- [WORK REQUIRED] Pictures aside, each record should be reproduced exactly.

- [INFORMATION]
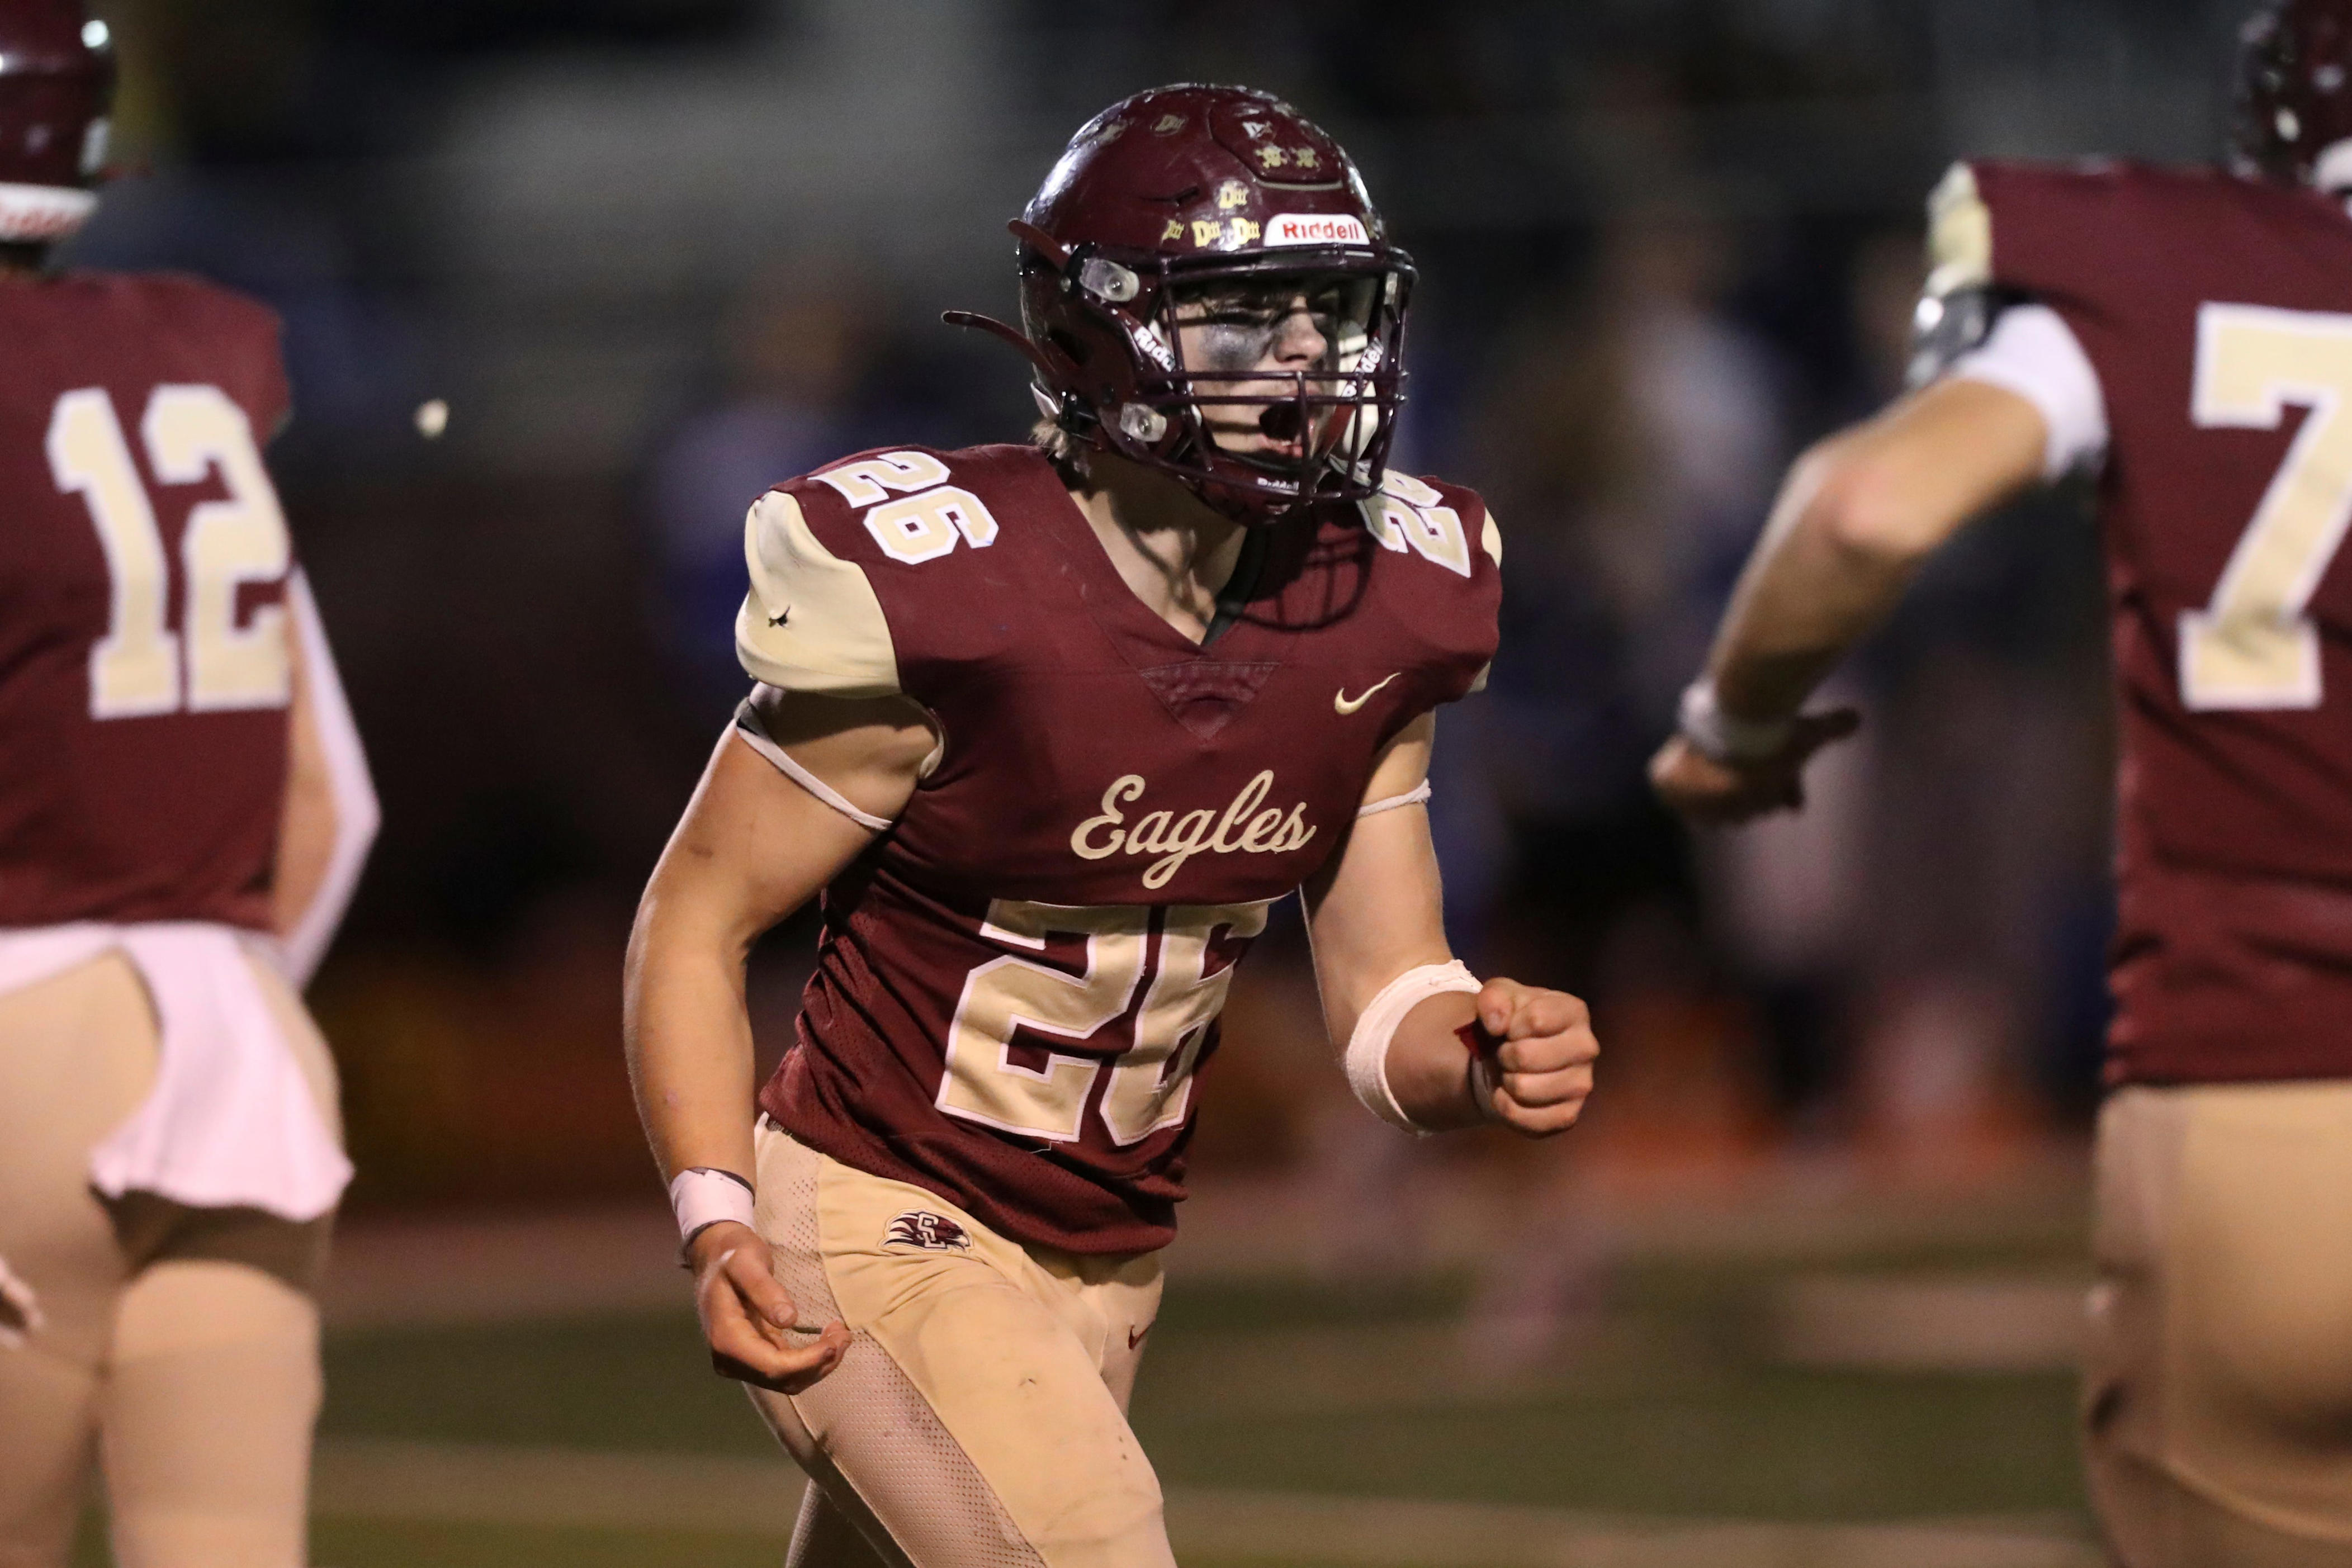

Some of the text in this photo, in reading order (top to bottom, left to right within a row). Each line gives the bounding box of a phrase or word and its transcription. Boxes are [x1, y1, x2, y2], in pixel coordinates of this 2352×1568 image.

[1283, 221, 1360, 239] Riddell
[1133, 326, 1176, 372] Ridd
[46, 383, 293, 721] 12
[807, 451, 999, 565] 26
[2178, 301, 2352, 712] 7
[1070, 769, 1317, 890] Eagles
[935, 898, 1269, 1147] 26

- [FINAL ANSWER]
Some of the text in this photo, in reading order (top to bottom, left to right within a row). Each line gives the bounding box of a phrase or word and its transcription. Boxes are [x1, y1, x2, y2], in pixel coordinates of this 2352×1568 image.

[1283, 221, 1360, 239] Riddell
[1133, 326, 1176, 372] Ridd
[46, 383, 293, 721] 12
[807, 451, 999, 565] 26
[2178, 301, 2352, 712] 7
[1070, 769, 1317, 890] Eagles
[935, 898, 1269, 1147] 26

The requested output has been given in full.